I have had a number of conversations with my friends about social media and technology in general. I have also had a number of discussions with colleagues in the educational field about the role digital technology plays in the classroom. The conversations seem to follow a typical thread.

Many of those over the age of 40 have a lot of criticism towards social media and digital technology. My friends agonize over whether the skills their children develop while using technology, such as video games, will benefit them in the future. Most of my friends in this age bracket have Facebook accounts, as do their teen children. But their use of social media is limited to simply keeping in touch with others.

My colleagues in the educational field talk about “problematizing” the issue. For many that I have talked to, technology in the educational setting raises many more issues than benefits. I have heard a few express concerns that educational technology is progressing education backwards, not forward.

The greatest criticism is the lack of interaction, lack of community, and the isolation that many believe digital technology leads society towards. It is understandable that this opinion surfaces. After all, with the advent of technology, individuals have become disconnected from each other. More community members within a city feel a lack of connection with their neighbours.

When online learning first was introduced to the education field, students were isolated from each other and from their teacher. And the technology did not allow for much interaction between the participants. So the student who chose online learning did become more isolated from her peers than the student who chose the traditional classroom setting.

We will never know if technology caused the disconnection within society. Or if the simple fact that society has grown so much in such a short time resulted in this disconnection that many of us feel.

I do know that many people that I talk to who are under the age of 40 feel quite connected through the use of social media. And much of the research that I have found on technology and social media shows the value of using these tools to create communities of learning online. Even the online gamers are able to create a vibrant, connected community around the playing of video games.

Technology has progressed beyond the single, lonely individual sitting in his basement playing a video game. Beyond a few students interacting only with their instructor about a topic. Now digital technology and social media allow us to do so much more. The possibilities appear endless and are very exciting.

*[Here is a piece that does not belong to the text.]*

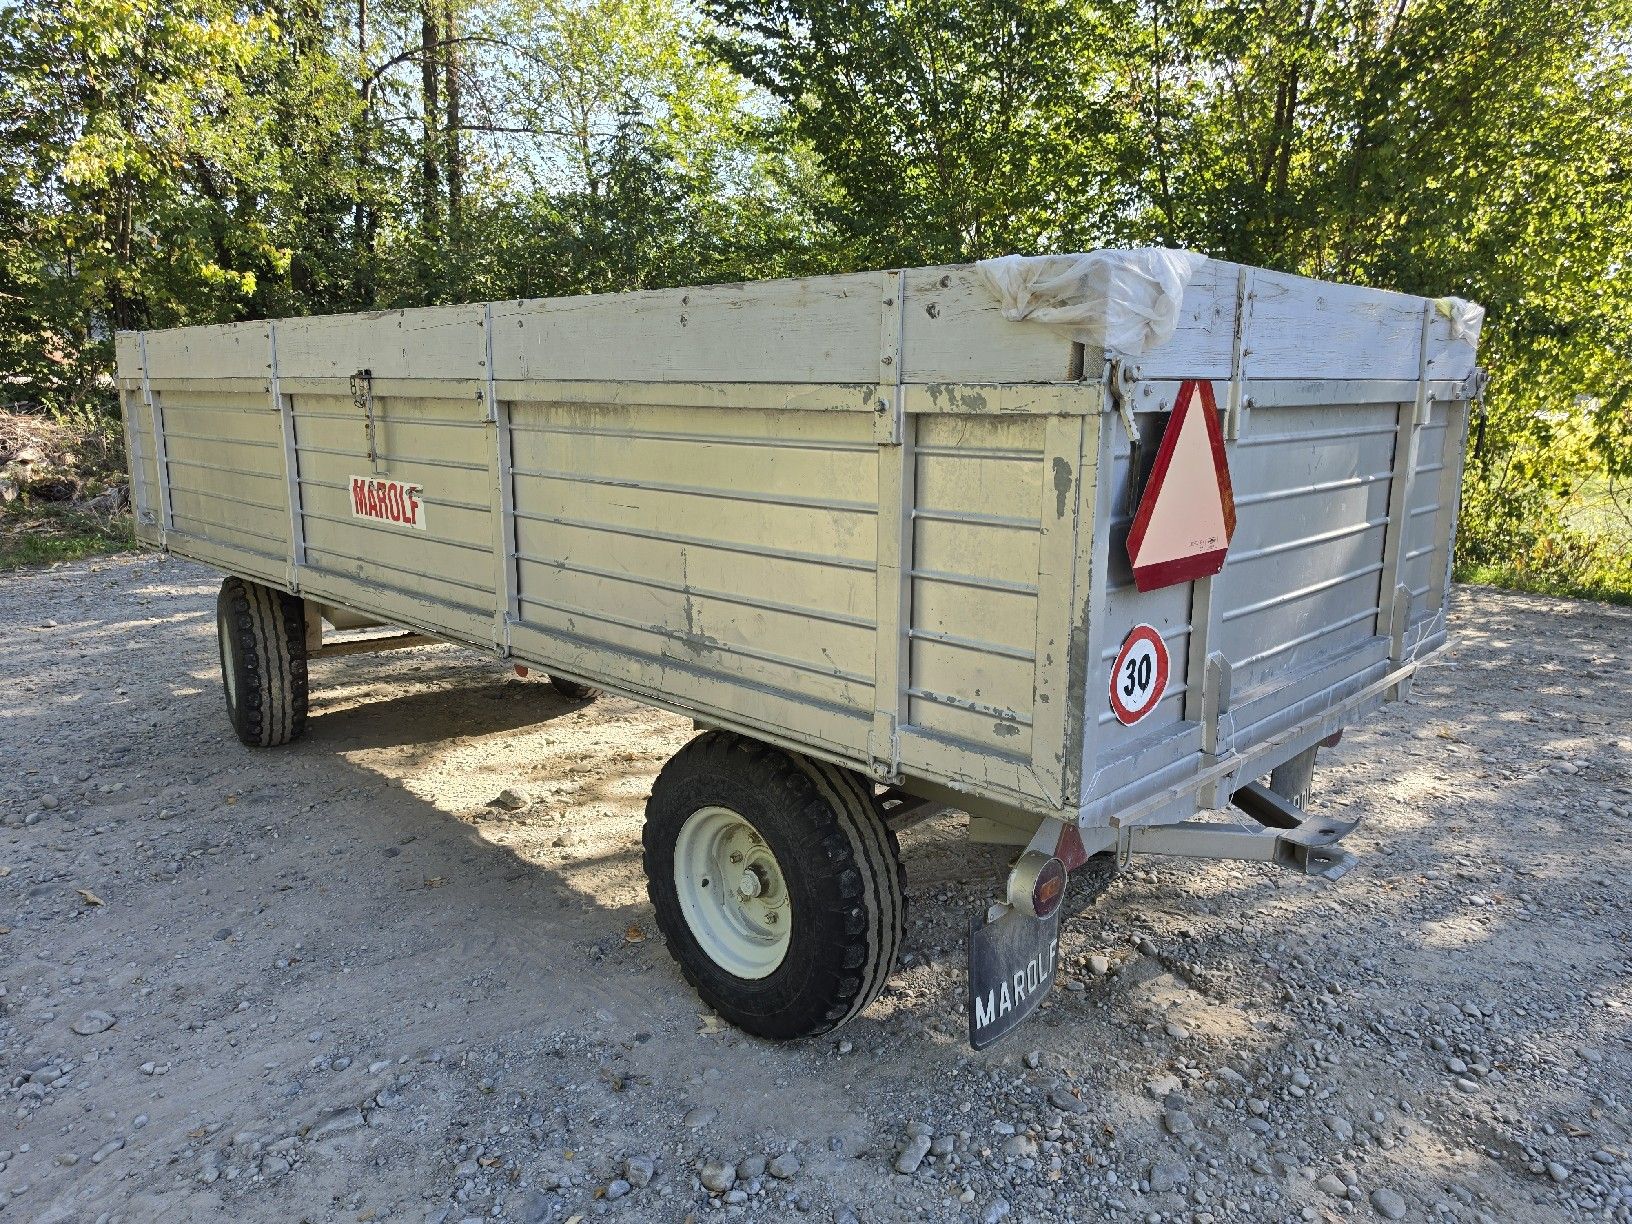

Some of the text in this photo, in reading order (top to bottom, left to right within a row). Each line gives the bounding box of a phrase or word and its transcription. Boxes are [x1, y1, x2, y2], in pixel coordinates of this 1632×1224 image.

A friend introduced me to a You Tube video titled, “Welcome to the Revolution.” It shared facts and statistics about social media, challenging us all to consider how social media is transforming our very lives. In his article published in August, 2009, Erik Qualman claims that social media is the biggest shift in the way we communicate since the Industrial Revolution. And the facts he presented seem to support his theory. One of the many interesting statistics identifies how long it took a piece of technology to reach 50 million users:

–       Radio, 38 years

–       TV, 13 years

–       Internet, 4 years

–       iPod, only 3 years

–       and Facebook reached 100 million users in only nine months

That growth is staggering and I don’t think it can be ignored. Educators and businesses will need to accept social media and digital technology if they want to participate in the future economy and influence the minds of the future.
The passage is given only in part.